ABOUT THIS EXERCISE — Start to finish, print the entries exactly, and carry none of the pictures over.

Collected data
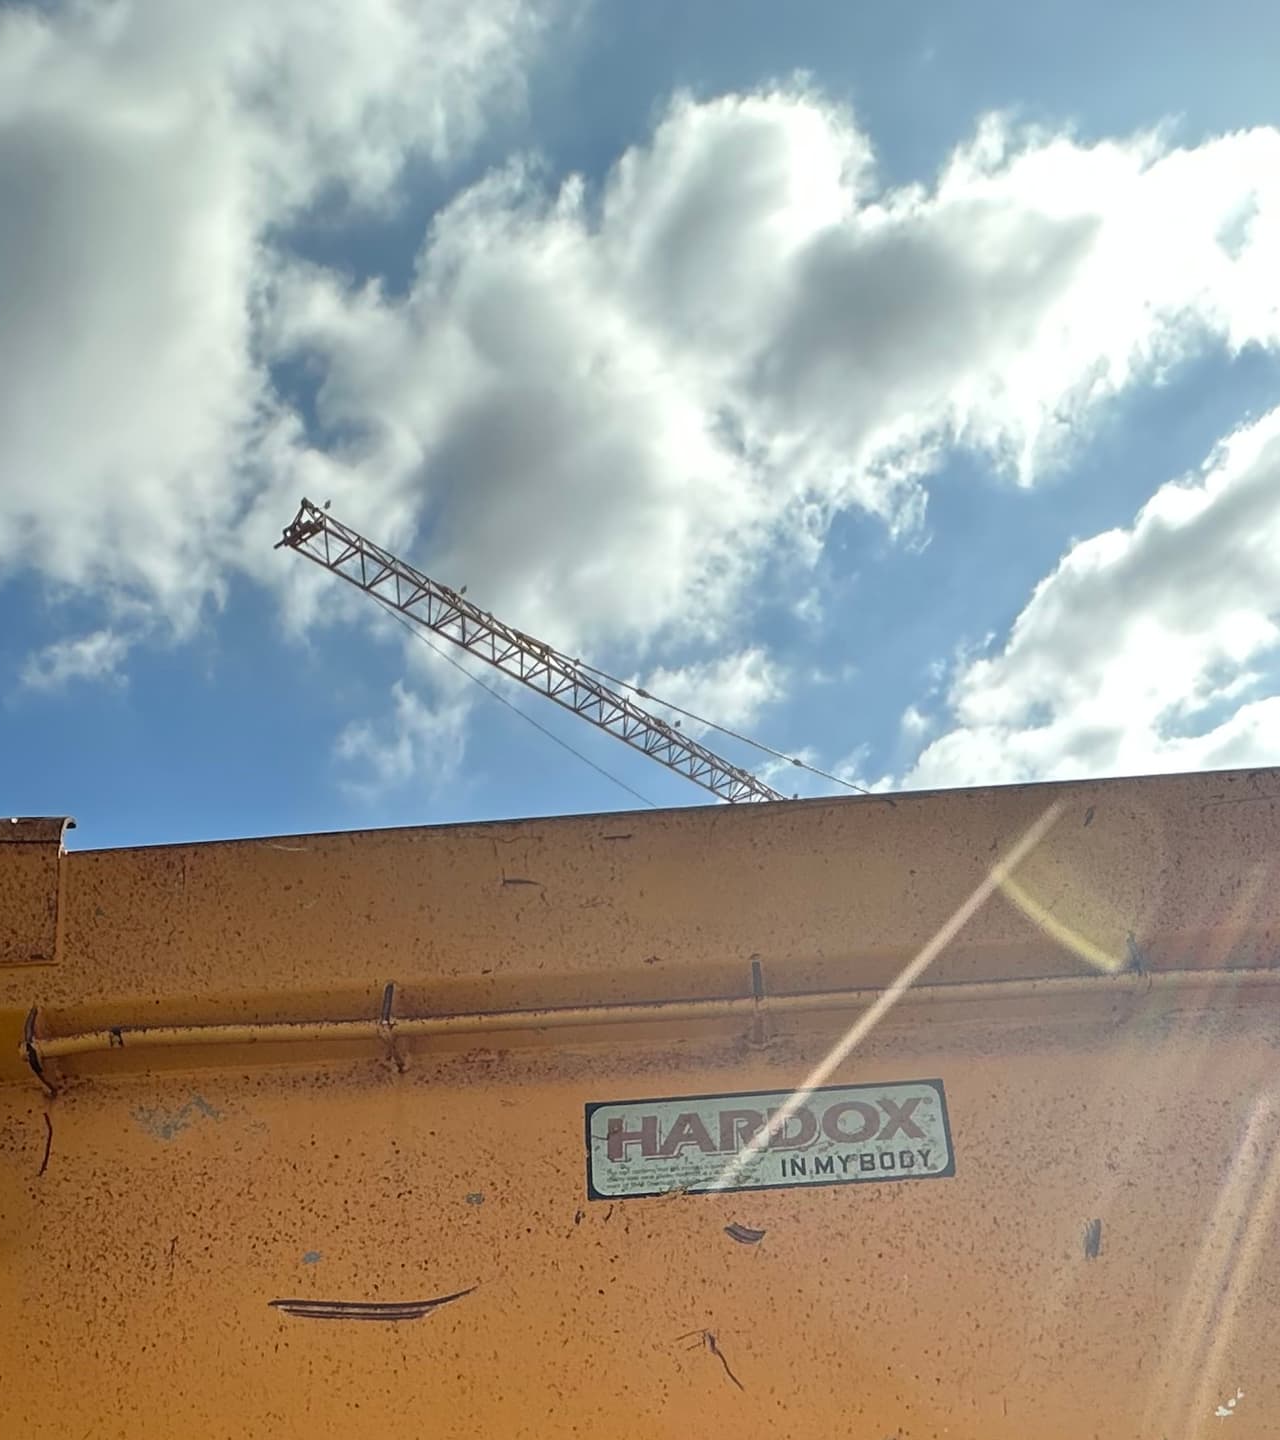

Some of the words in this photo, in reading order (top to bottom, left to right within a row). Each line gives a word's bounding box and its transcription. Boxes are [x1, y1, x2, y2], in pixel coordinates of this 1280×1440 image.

[607, 1098, 926, 1162] HARDOX
[781, 1158, 806, 1177] IN
[815, 1154, 850, 1177] MY
[860, 1150, 931, 1171] BODY

SOLUTION FOR THIS EXERCISE —
Some of the words in this photo, in reading order (top to bottom, left to right within a row). Each line gives a word's bounding box and its transcription. Boxes are [x1, y1, x2, y2], in pixel coordinates of this 1280×1440 image.

[607, 1098, 926, 1162] HARDOX
[781, 1158, 806, 1177] IN
[815, 1154, 850, 1177] MY
[860, 1150, 931, 1171] BODY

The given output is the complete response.